UC Berkeley Appeals CRISPR Decision

Published on: 

UC Berkeley appealed the February 2017 decision that determined Harvard and MIT’s Broad Institute and Berkeley’s CRISPR-Cas9 technologies were separately patentable.

The dispute over who has the rights to key CRISPR-Cas9 patents continues. On April 12, 2017 the University of California, Berkeley, in conjunction with the University of Vienna and Emmanuelle Charpentier, filed an appeal to overturn an earlier decision by the United States Patent Trial and Appeal Board (PTAB).

The PTAB decision, according to Berkeley, “terminated the interference” between Berkeley and the Broad Institute. Berkeley said it is appealing the decision in hopes that the PTAB will reinstate the interference-a legal proceeding that aids the court in determining which party first invented a technology.

“Ultimately, we expect to establish definitively that the team led by Jennifer Doudna and Emmanuelle Charpentier was the first to engineer CRISPR-Cas9 for use in all types of environments, including in non-cellular settings and within plant, animal, and even human cells,” said Edward Penhoet, a special advisor on CRISPR to the UC president and UC Berkeley chancellor, in a statement. Berkeley also said it will continue to pursue patent applications in the US and elsewhere for CRISPR/Cas9 in “non-cellular and cellular settings.”

The Broad Institute said it was “unlikely” that the court would overturn the PTAB decision. “Given that the facts have not changed, we expect the outcome will once again be the same. We are confident the Federal Circuit will affirm the PTAB decision and recognize the contribution of the Broad, MIT, and Harvard in developing this transformative technology,” they wrote in a statement.

In the February 2017 decision, the PTAB said that Berkeley and the Broad Institute’s versions of CRISPR-Cas9 are separately patentable. In the 51-page decision, the PTAB wrote that Broad’s CRISPR-Cas9 technology is specific to a eukaryotic environment, while Berkley’s is not restricted to any environment. Berkeley claims that the use of CRISPR-Cas9 in a eukaryotic environment can’t be patented separately. Broad, who currently holds 13 of the 28 patents for CRISPR, argues that these are separate inventions.

CRISPR Therapeutics, Intellia Therapeutics, Caribou Biosciences, and ERS Genomics-all of whom license the technology from Berkeley-released a joint statement about the appeal. Editas Medicine, a biotech company based in Cambridge, MA, licenses CRISPR-Cas9 from the Broad Institute.

What does an appeal mean for companies licensing CRISPR-Cas9?

Advertisement

Although it is still unclear how the results of this case will affect the biotech companies that license CRISPR-Cas9 from Berkeley and Broad Institute, Kevin Noonan, PhD, partner at McDonnell Boehnen Hulbert & Berghoff told Pharmaceutical Technology the decision could impact commercial applications for CRISPR-Cas9. In some cases, he said, third parties may need a license from both Berkeley and Broad.

“If the court reversed the PTAB and the interference went to a substantive conclusion, one or the other party would have priority and thus have the rights to the technology. Although there may be after-arising variants that become important, in the near term there would be certainty regarding whose patents need to be licensed,” Noonan said. “If the PTAB’s decision is upheld, on the other hand, third parties will need a license from both the Broad [Institute] and the University [of California, Berkeley]; if anyone uses the technology and sells products based on it without a license from both patentees there could be liability for infringement.”

Although it is unlikely, the Broad Institute could file a cross-appeal, Noonan said, but third parties (such as the companies licensing CRISPR-Cas9 from Berkeley or Broad) have no standing to appeal. However, they could file amicus briefs.
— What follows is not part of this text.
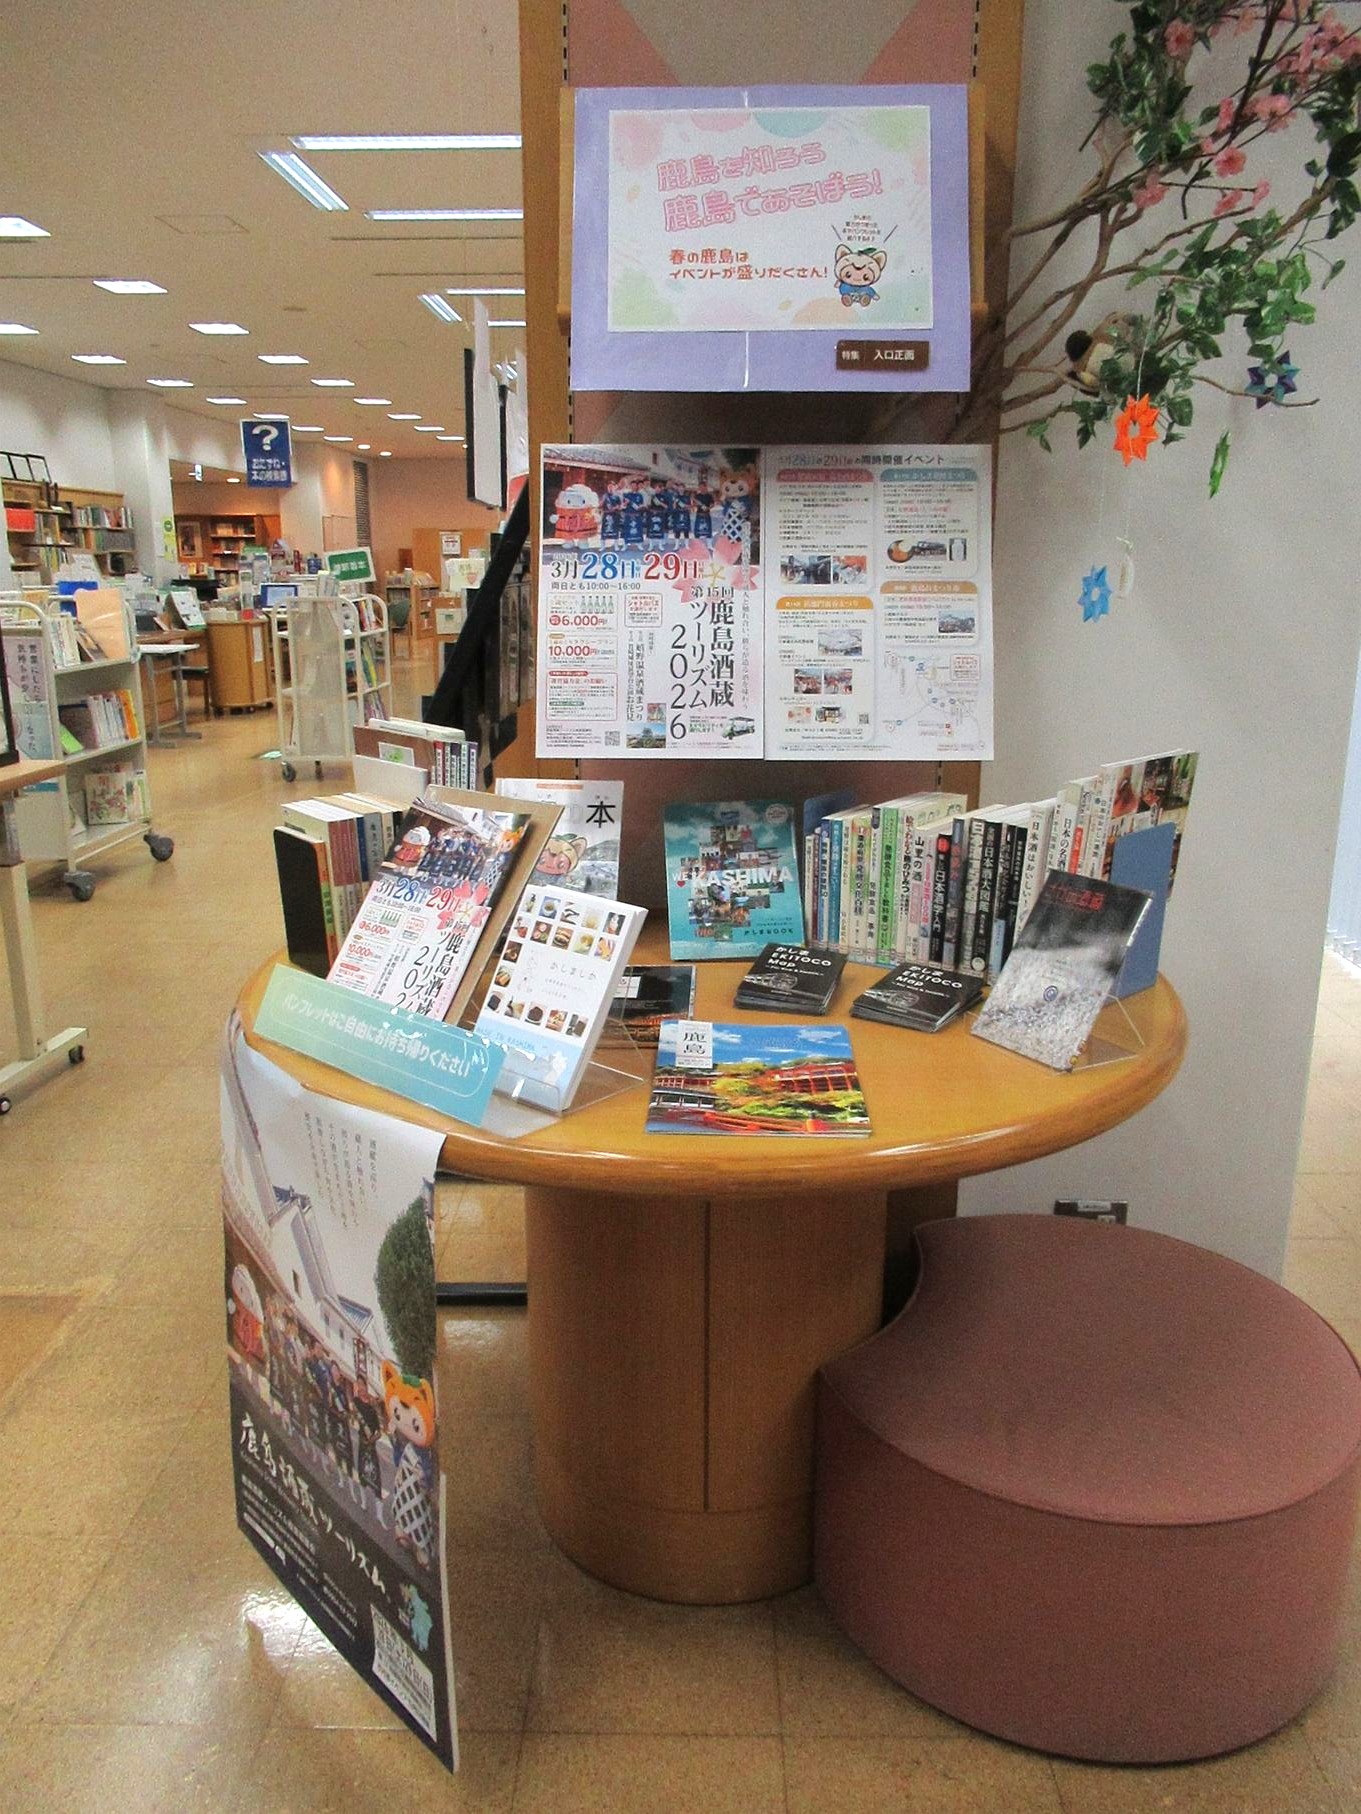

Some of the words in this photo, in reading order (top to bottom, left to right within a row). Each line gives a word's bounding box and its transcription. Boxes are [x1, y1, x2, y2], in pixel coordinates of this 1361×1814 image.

“They could file amicus briefs but those would be in the nature of informing the court about the risks of overturning the PTAB’s decision,” he said. “If the Federal Circuit rules in the University’s favor the case would go back to the PTAB for considerations of priority and other matters the parties raised but the Board ruled were outside the scope of its jurisdiction because there was no interference-in-fact.”

*This article has been updated on April 14, 2017 to include comments from Kevin Noonan.